I replaced cloud embeddings and vector databases with a local SQLite-based memory layer for AI bots. The result was faster, cheaper, and much simpler than the usual stack.
The problem: memory was eating my budget
I run AI bots. Support bots, content bots, automation bots. They all need memory.
For a while I used the standard setup: cloud vector database plus embedding API. Cognee, Pinecone, OpenAI embeddings, the usual stack people reach for when they hear “RAG” or “AI memory.”
It worked, but it was annoying in exactly the ways that matter in production. The bill kept growing, and every lookup had network latency attached to it. A memory read that should feel instant became an extra hop to someone else’s infrastructure.
That makes sense if you’re indexing millions of documents for a search company. It makes less sense if you just want your bots to remember what happened five minutes ago, find the right note, and move on.
The realization: I was overbuilding the whole thing
Most bot memory doesn’t need a fancy distributed vector setup.
It needs a few simple things:
- fast lookup of recent conversation history
- good text search across a modest dataset
- metadata filters by user, date, or project
- predictable local performance
That’s not a hard problem. We just keep pretending it is because the AI tooling market loves expensive solutions.
Enter gbrain-local
I built gbrain-local as a local memory plugin for AI bots. It uses SQLite for storage, FTS5 for full-text search, and optional local embeddings when semantic search actually helps.
That means no cloud dependency for the memory layer, no vector DB invoice, and no waiting on remote infrastructure just to retrieve a note your bot already owns.
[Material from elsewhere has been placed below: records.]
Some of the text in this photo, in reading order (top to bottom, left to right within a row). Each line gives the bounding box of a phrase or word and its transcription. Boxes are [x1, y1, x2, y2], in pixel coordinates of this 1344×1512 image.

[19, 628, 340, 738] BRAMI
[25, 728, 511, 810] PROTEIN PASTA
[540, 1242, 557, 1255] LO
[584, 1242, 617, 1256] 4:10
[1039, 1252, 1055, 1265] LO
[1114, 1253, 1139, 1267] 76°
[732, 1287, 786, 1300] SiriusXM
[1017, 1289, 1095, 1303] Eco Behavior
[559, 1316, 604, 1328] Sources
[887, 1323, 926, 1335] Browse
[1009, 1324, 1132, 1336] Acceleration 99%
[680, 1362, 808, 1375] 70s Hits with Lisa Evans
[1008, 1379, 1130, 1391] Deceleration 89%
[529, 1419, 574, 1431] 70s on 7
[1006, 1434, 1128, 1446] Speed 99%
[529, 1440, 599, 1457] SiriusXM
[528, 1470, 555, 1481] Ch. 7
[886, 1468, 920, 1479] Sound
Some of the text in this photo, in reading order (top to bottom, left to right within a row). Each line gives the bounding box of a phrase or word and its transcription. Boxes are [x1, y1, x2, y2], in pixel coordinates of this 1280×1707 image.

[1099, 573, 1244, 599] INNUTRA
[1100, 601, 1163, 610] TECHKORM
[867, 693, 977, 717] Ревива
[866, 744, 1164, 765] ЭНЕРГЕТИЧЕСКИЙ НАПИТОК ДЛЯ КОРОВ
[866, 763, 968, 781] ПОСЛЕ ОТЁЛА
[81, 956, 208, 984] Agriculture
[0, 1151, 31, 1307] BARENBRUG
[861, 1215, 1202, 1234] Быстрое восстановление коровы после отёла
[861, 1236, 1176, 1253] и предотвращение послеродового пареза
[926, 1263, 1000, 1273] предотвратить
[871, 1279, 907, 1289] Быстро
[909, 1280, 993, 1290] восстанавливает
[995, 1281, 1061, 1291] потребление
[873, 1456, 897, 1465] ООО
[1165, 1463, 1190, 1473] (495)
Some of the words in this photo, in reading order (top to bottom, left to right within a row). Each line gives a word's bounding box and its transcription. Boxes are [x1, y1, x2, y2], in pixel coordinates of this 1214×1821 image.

It runs on the same machine as the bots. That alone cuts out a lot of nonsense.
The numbers
| Metric | Cloud stack | gbrain-local |
|---|---|---|
| Setup time | ~2 hours | ~10 minutes |
| Monthly cost | Recurring API + DB cost | €0 extra infra |
| Average query latency | Hundreds of ms | ~50 ms |
| Offline capable | No | Yes |
The best part is not even the speed. It’s the predictability. There’s no mystery latency because some provider is having a bad afternoon.
How it works
The architecture is boring on purpose.

The bot talks to a small API layer. That API reads and writes to SQLite. FTS5 handles text search. If embeddings are enabled, they’re used as a second pass, not as the whole system.
That detail matters. Exact matches and filtered search solve more real problems than people admit. Semantic search is useful, but it doesn’t need to sit in the center of everything.
Why SQLite was enough
SQLite has a branding problem. People hear “SQLite” and think toy database, local script, prototype. That’s nonsense.
SQLite is production software. It’s in browsers, phones, embedded systems, and a ridiculous number of apps people trust every day. For a local AI memory layer, it’s often the right answer.
You get one file, simple backups, fast local reads, no extra service to babysit, and fewer moving parts to break. That’s a good trade.
When this is the wrong tool
gbrain-local is not trying to replace every vector database on earth.
If you need distributed search across huge datasets, or you’re building a system where semantic retrieval across millions of documents is the product, use the heavier tools.
But if you’re building AI bots that need memory and retrieval in the normal world, a simpler stack will usually beat the sexy one.
What I got out of it
I got lower latency, no extra memory bill, easier debugging, and a setup I can run anywhere. Local machine, VPS, client server, offline demo, whatever.
More importantly, I got rid of an unnecessary dependency. That’s always worth something.
There’s a pattern here I keep seeing in AI infrastructure: people start with the architecture they think sounds advanced, then spend weeks trying to make it tolerable. Usually the better move is to start with the simplest thing that can survive contact with production.
For bot memory, that turned out to be SQLite.
If you’re building AI bots and your memory layer already feels heavier than the bots themselves, you probably overdid it.